U.S. Senator Bill Hagerty Weighs In on Durham Report and Russia-Ukraine Tensions

 

Live from Music Row Wednesday morning on The Tennessee Star Report with Michael Patrick Leahy – broadcast on Nashville’s Talk Radio 98.3 and 1510 WLAC weekdays from 5:00 a.m. to 8:00 a.m. – host Leahy welcomed U.S. Senator Bill Hagerty (R-TN) to the newsmaker line to give his analysis of the Durham report indicating Hillary Clinton’s campaign spied on sitting president Donald Trump. Towards the end of the segment, Hagerty gave an analysis of the tensions between Russia and Ukraine.

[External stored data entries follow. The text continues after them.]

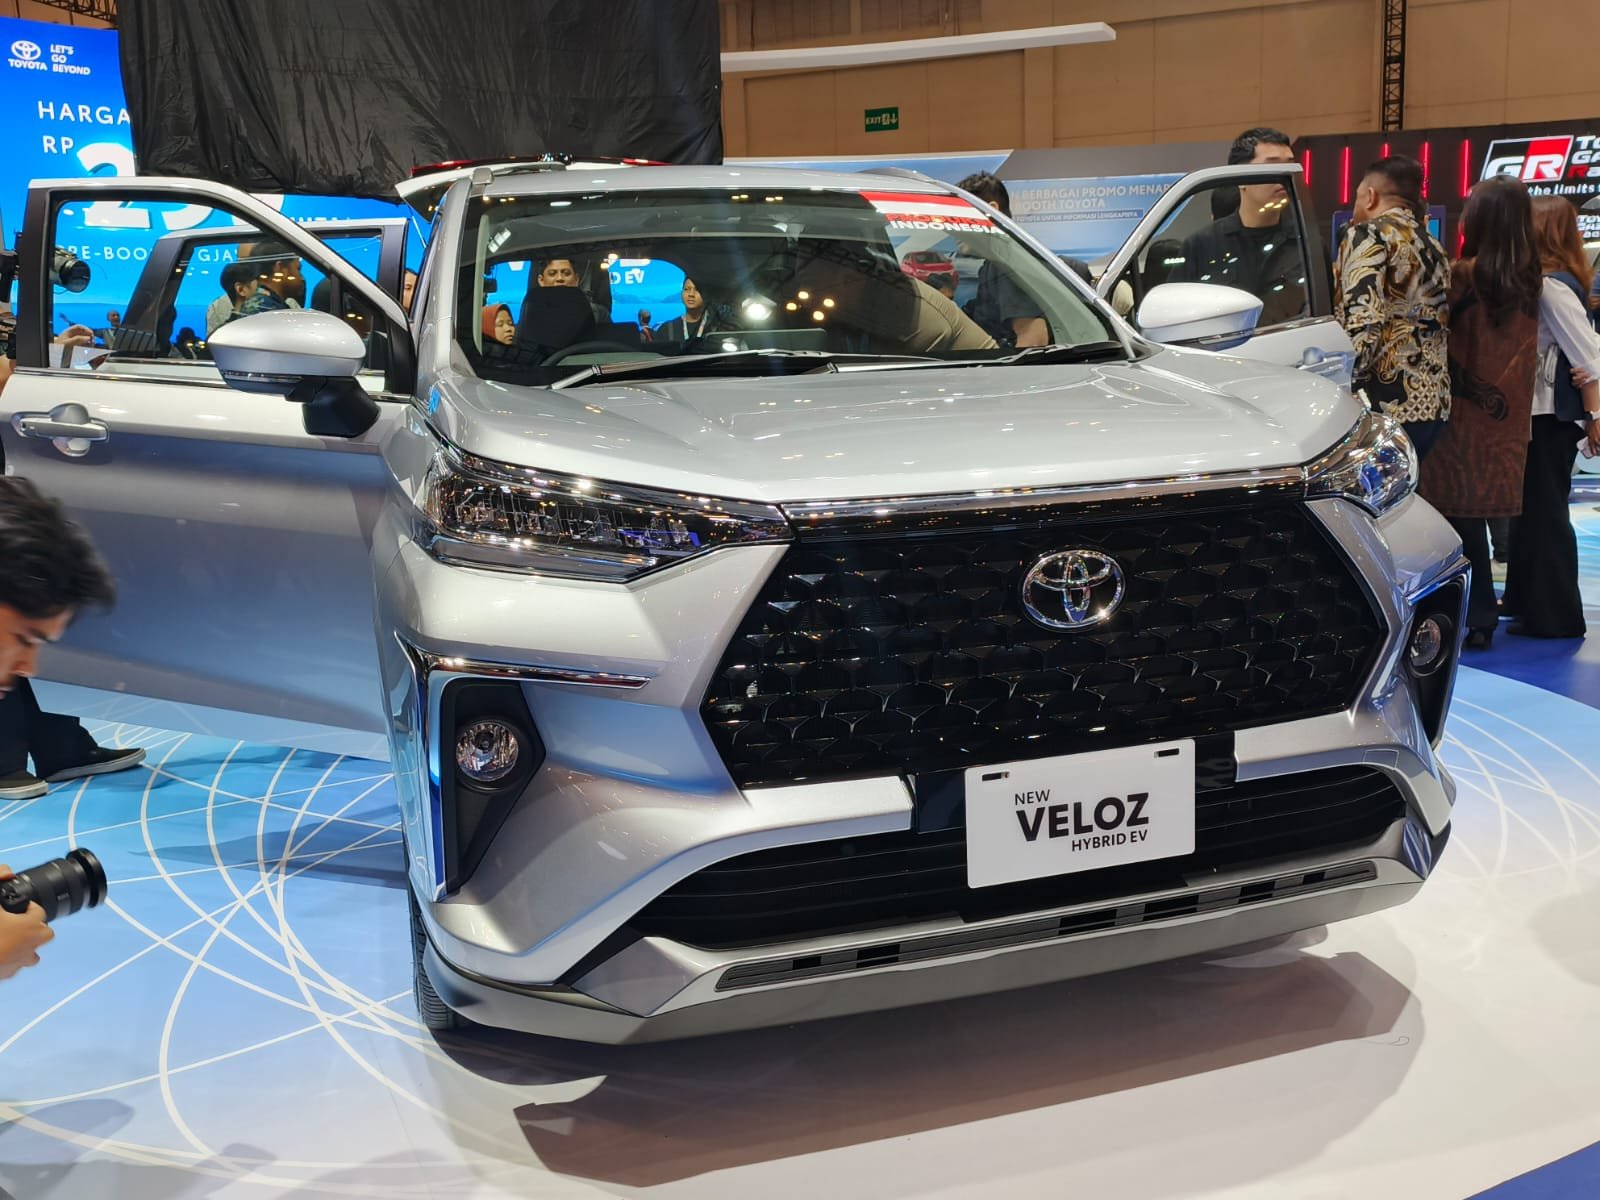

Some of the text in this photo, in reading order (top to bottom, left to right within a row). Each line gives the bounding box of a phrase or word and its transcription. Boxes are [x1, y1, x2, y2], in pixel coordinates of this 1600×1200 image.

[50, 44, 74, 55] LET'S
[8, 58, 48, 71] TOYOTA
[51, 54, 67, 63] GO
[52, 63, 91, 75] BEYOND
[38, 100, 131, 125] HARGA
[866, 116, 881, 125] EXIT
[42, 135, 74, 154] RP
[1484, 153, 1564, 180] GR
[1082, 185, 1126, 198] PROMO
[1528, 183, 1595, 196] the limits
[1059, 198, 1105, 210] TOYOTA
[889, 220, 1007, 235] INDONESIA
[1014, 789, 1050, 806] NEW
[1015, 792, 1149, 842] VELOZ
[1071, 829, 1148, 852] HYBRID EV
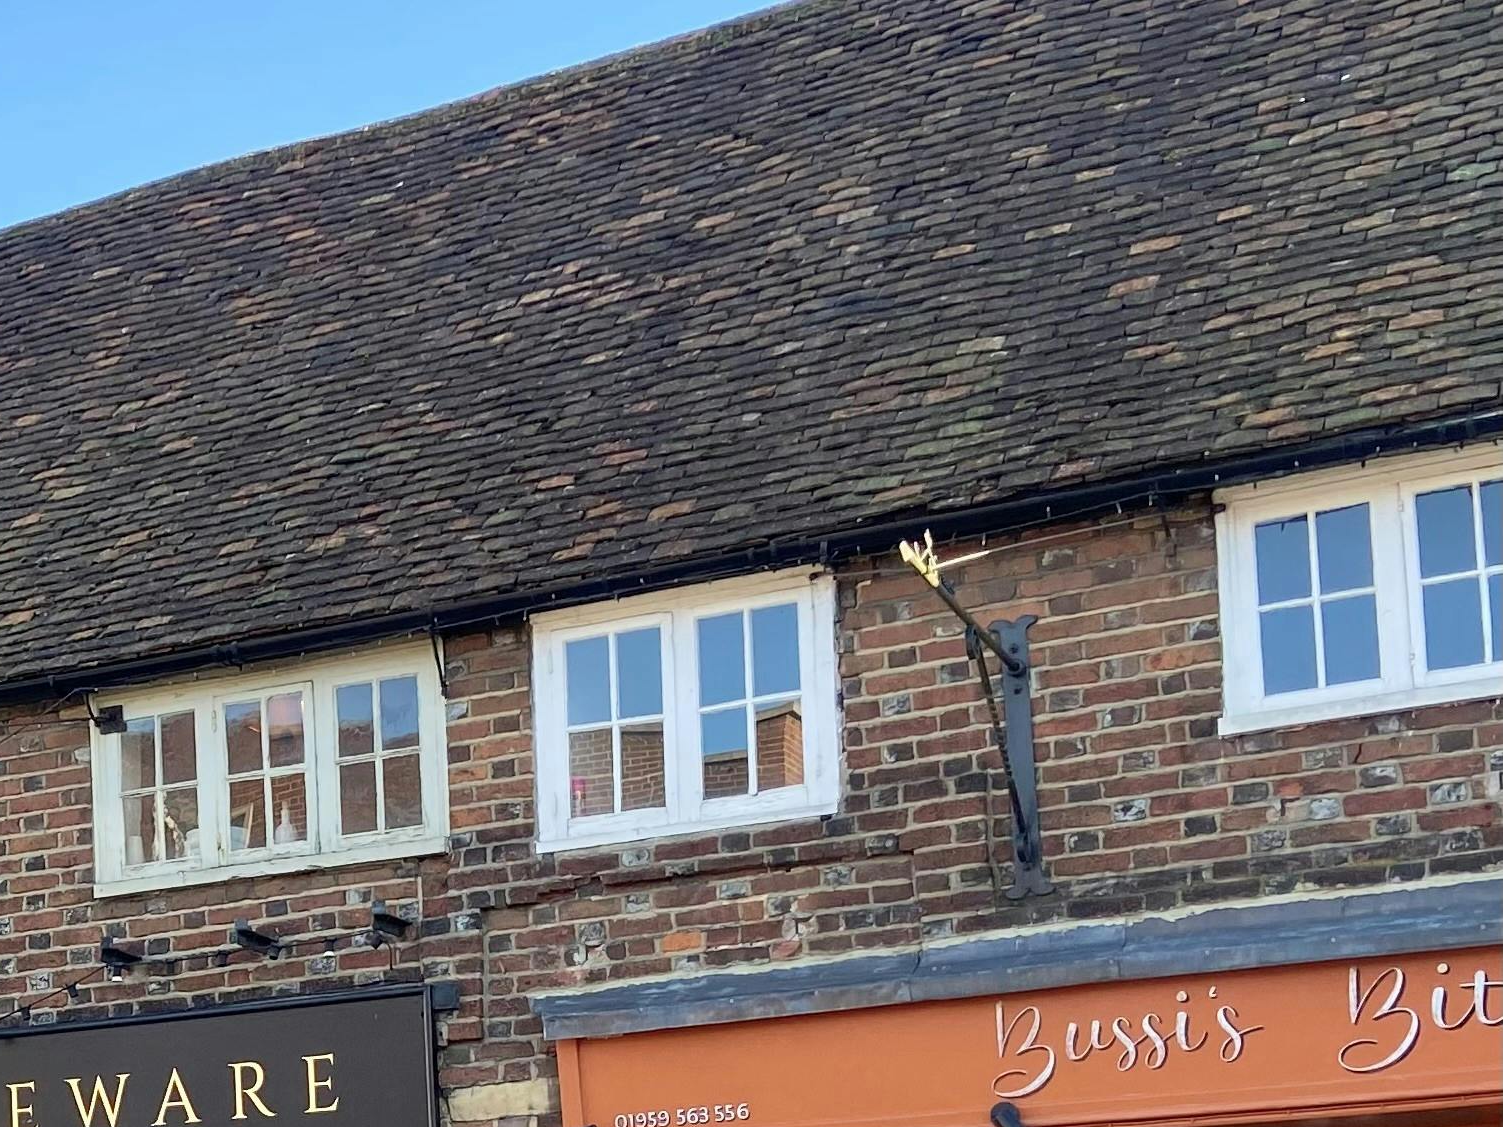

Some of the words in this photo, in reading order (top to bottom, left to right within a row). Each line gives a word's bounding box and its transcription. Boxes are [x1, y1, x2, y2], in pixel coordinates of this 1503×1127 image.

[991, 985, 1265, 1098] Bussi's
[675, 1106, 710, 1126] 563
[714, 1102, 750, 1122] 556

Leahy: We are joined now on our newsmaker line by United States senator from Tennessee, Bill Hagerty, a friend of the program. Welcome. Senator Hagerty.

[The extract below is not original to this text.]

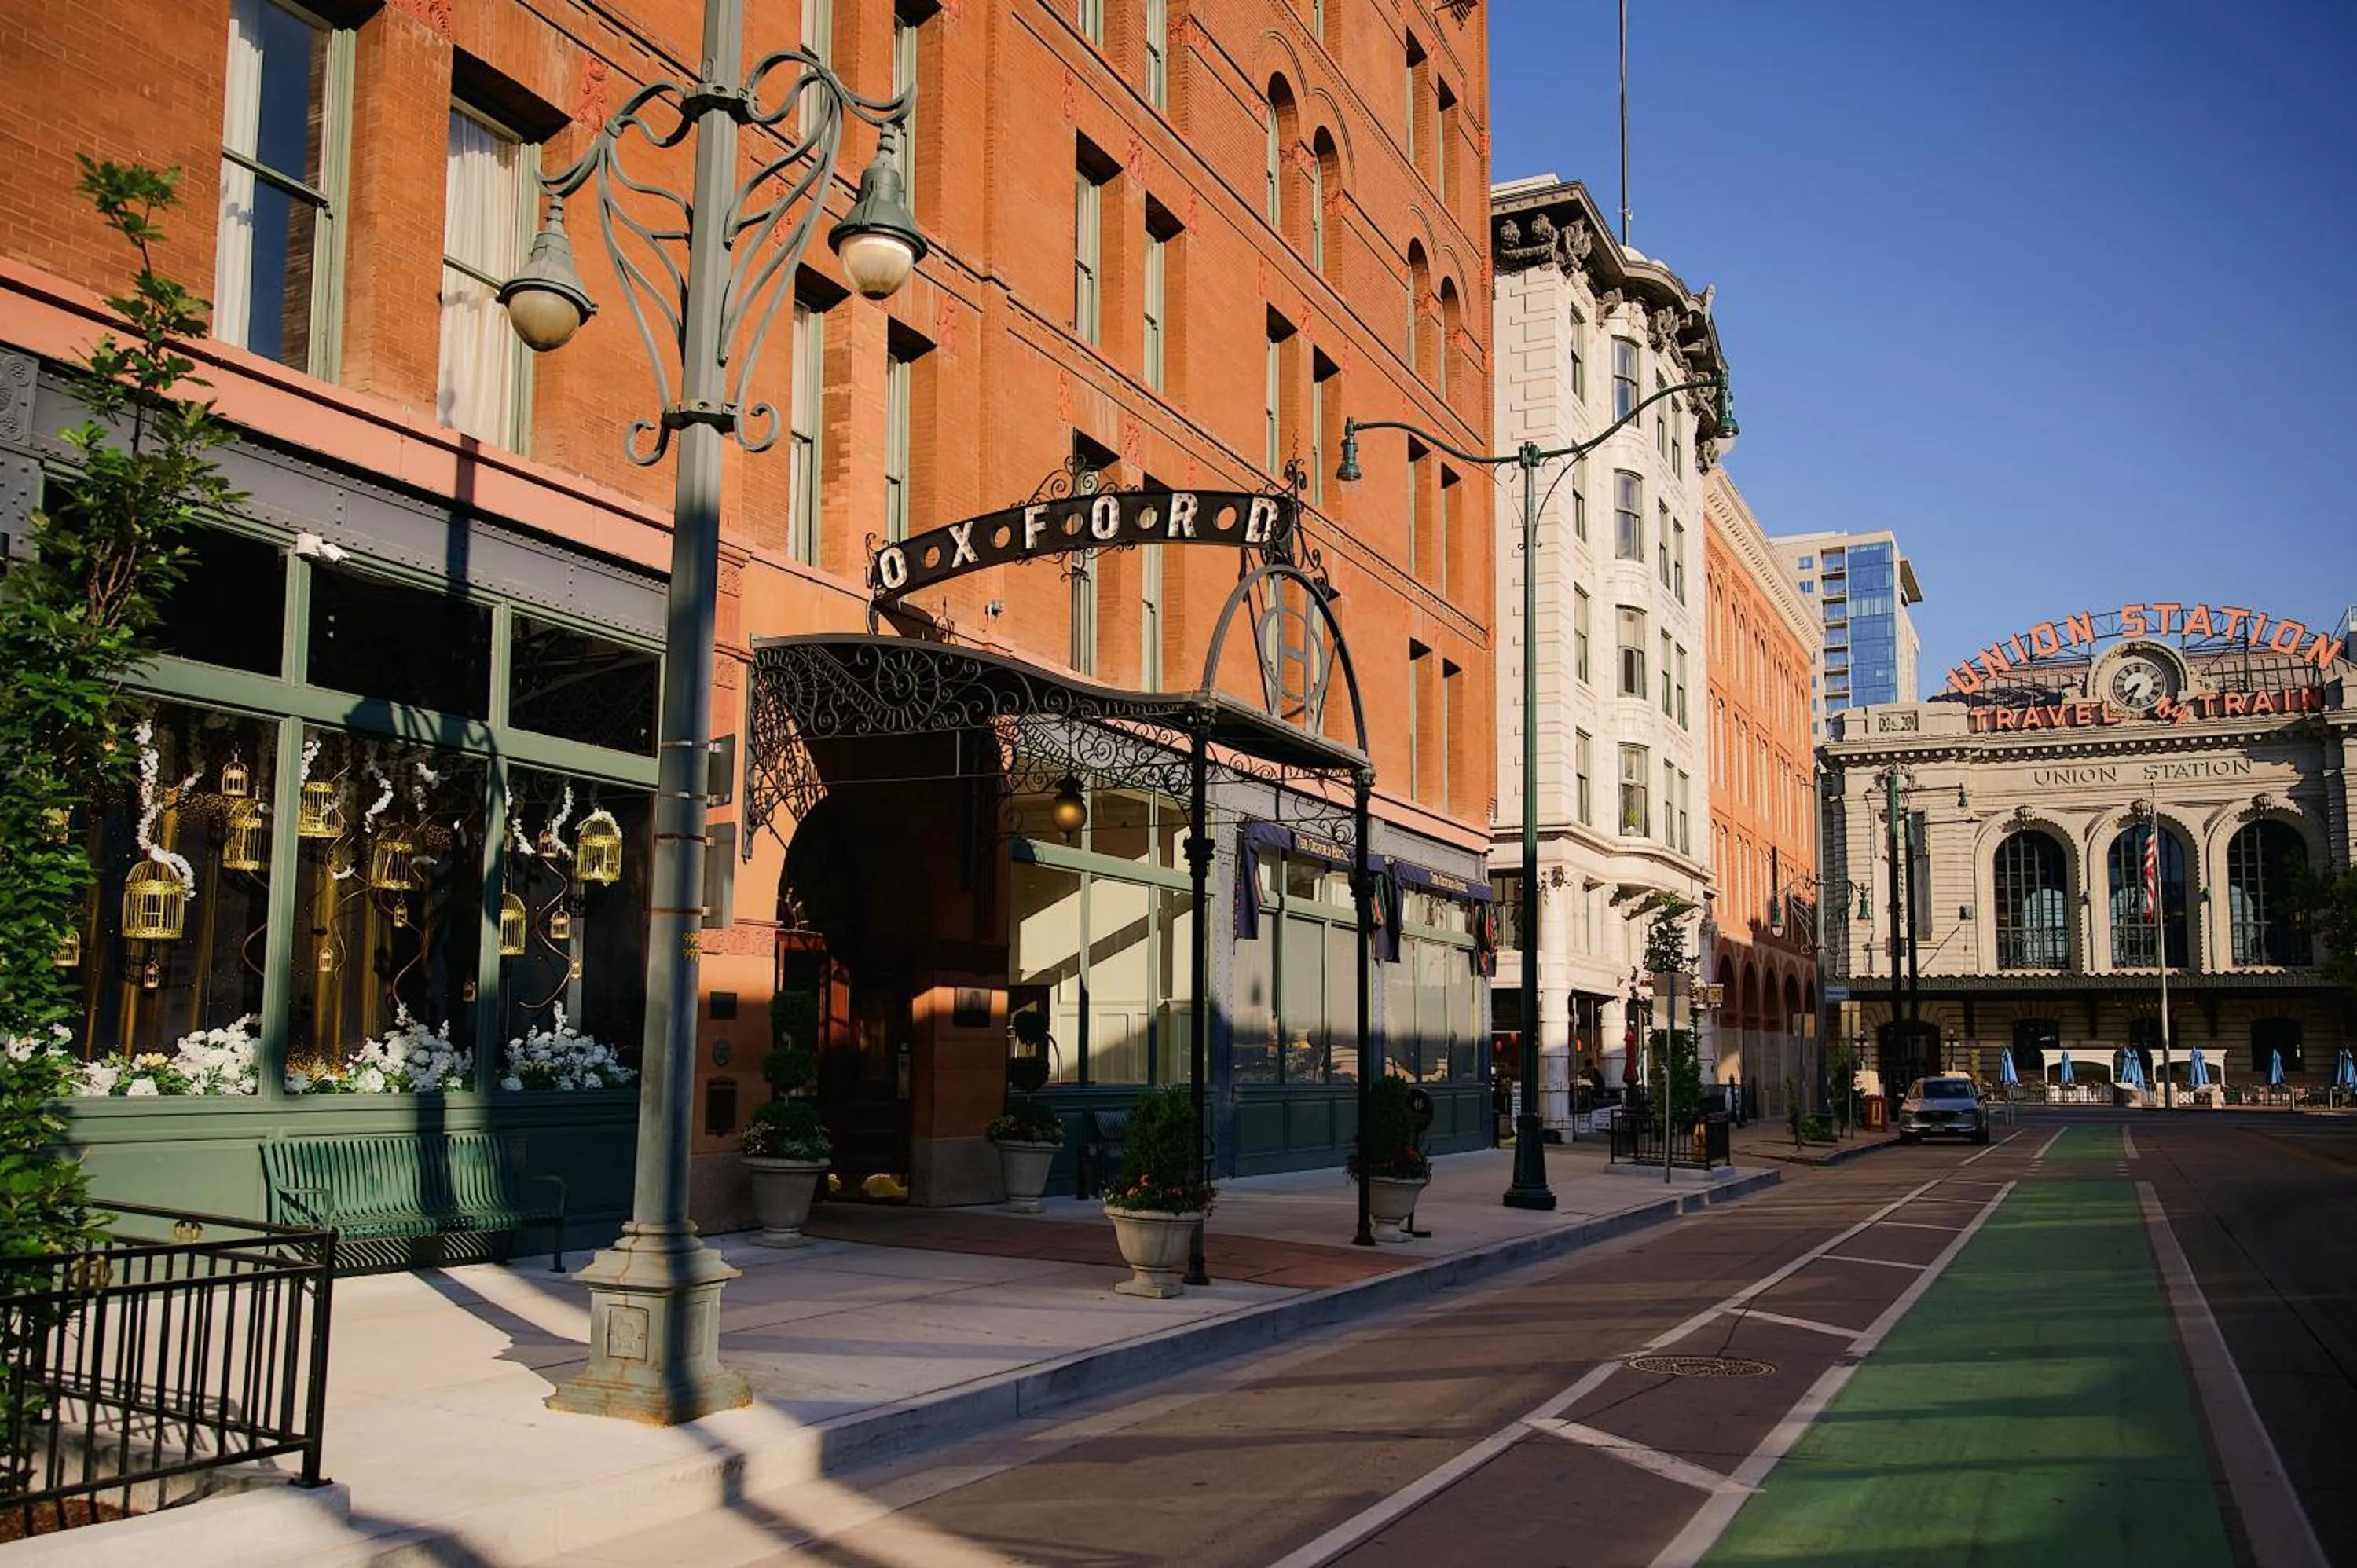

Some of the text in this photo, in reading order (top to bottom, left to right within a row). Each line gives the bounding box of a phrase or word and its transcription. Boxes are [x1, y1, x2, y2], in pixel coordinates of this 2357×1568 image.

Hagerty: Good morning to you, Mike.

Leahy: I have to say this. You are the most punctual man in America. You always call at 7:30 on the dot. And, I mean, I don’t know how you manage that with all the things you’ve got going on.

Hagerty: Managing four children, I think, teaches a parent to keep everything running on schedule. And I’ve got a great wife that keeps it moving, too.

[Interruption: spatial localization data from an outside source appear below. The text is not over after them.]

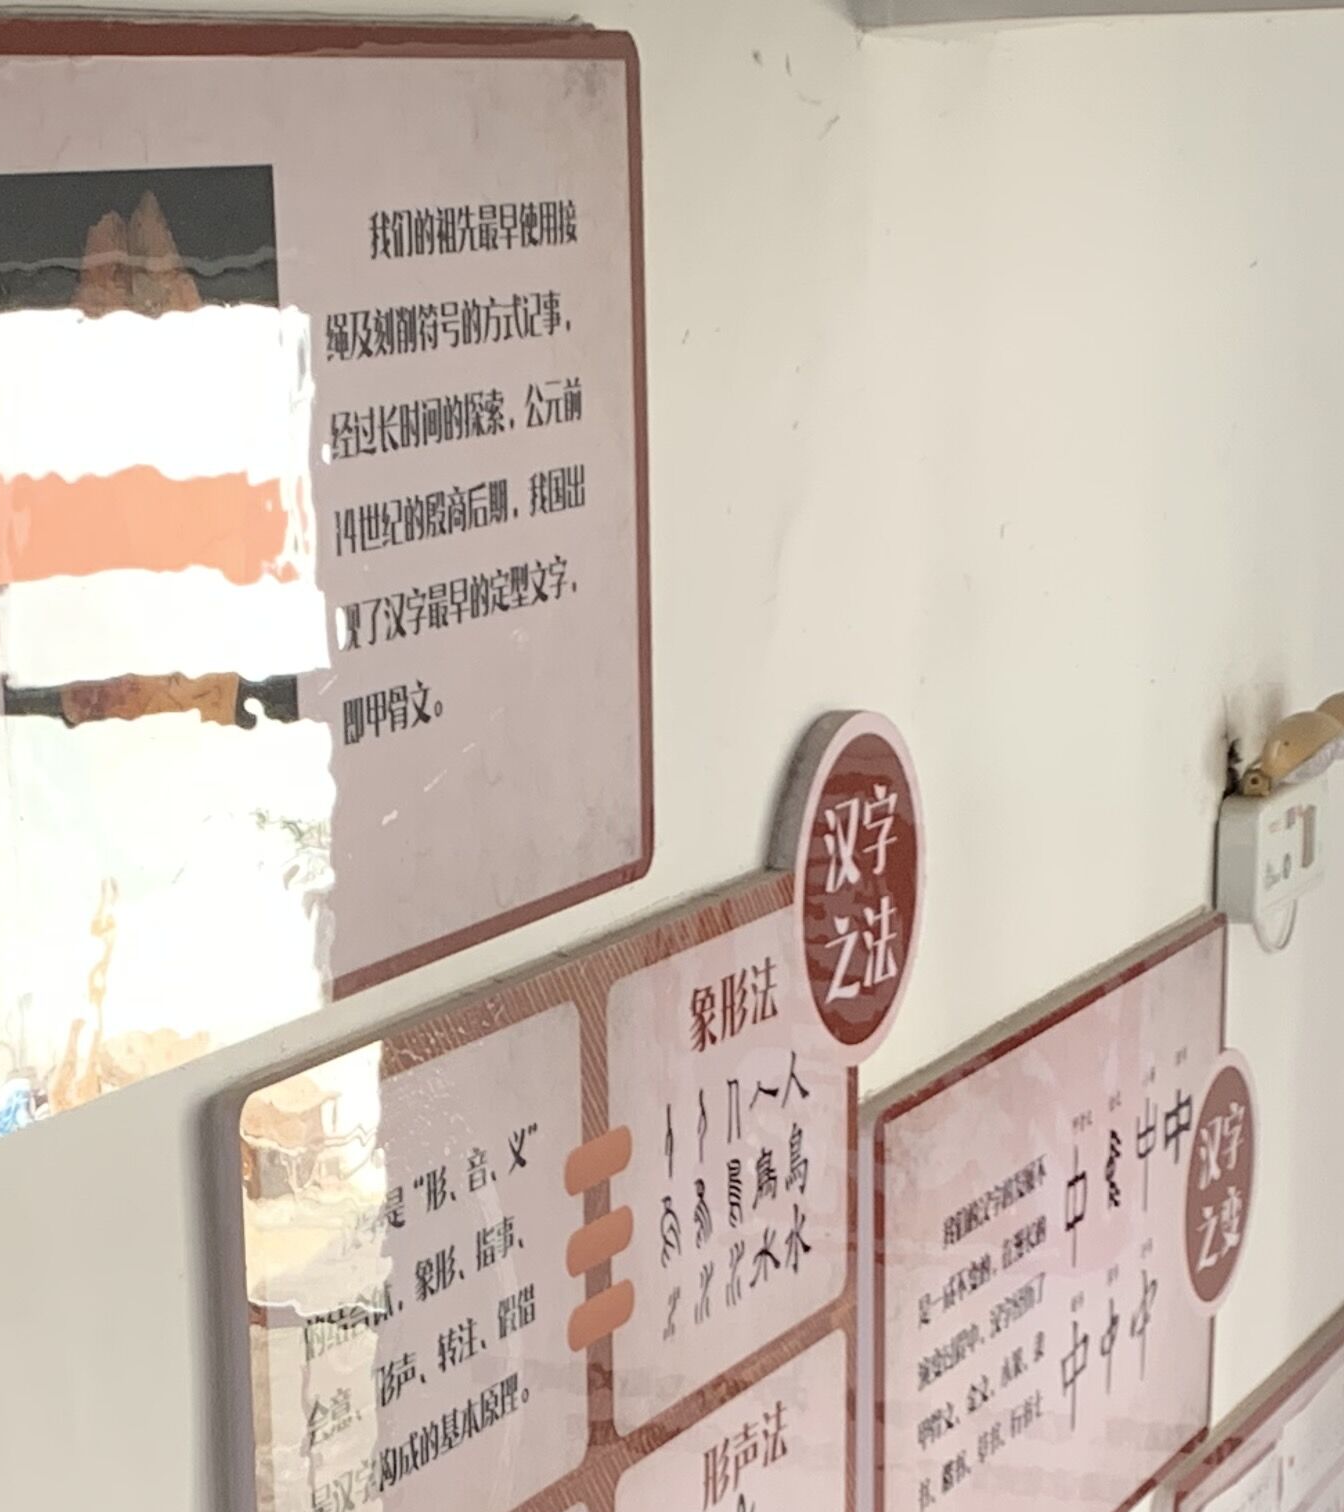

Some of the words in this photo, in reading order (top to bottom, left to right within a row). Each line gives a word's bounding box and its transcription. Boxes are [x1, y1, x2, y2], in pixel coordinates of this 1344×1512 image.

[368, 200, 578, 260] 我们的祖先最早使用接
[331, 377, 582, 460] 经过长时间的探索，公元前
[342, 679, 443, 746] 即甲骨文。
[824, 784, 897, 893] 汉字
[824, 896, 897, 1004] 之法
[689, 957, 778, 1052] 象形法
[1199, 1102, 1244, 1190] 汉字
[1196, 1186, 1242, 1272] 之变
[703, 1401, 787, 1511] 形声法

Leahy: Fantastic. So, big news in Washington, the Durham report. Special Counsel Durham, looking into the Russia hoax, filed court documents on Friday that, in essence, implicated the Clinton campaign and possibly spying on the Trump campaign and on the Trump administration during the first few months of that. What’s your reaction to that? Where does this lead?

Yes, Every Kid

Hagerty: I think it’s just shocking. This is well beyond Watergate. When you think of what’s happened here, it basically says that a political active like Hillary Clinton can spy on the White House, the most secure complex in the world. If she can do it, what does that say to her adversaries?

What message does that give to Putin and Russia or to the Chinese? The fact that they had political actors abusing their authority and power going into the White House is terrible.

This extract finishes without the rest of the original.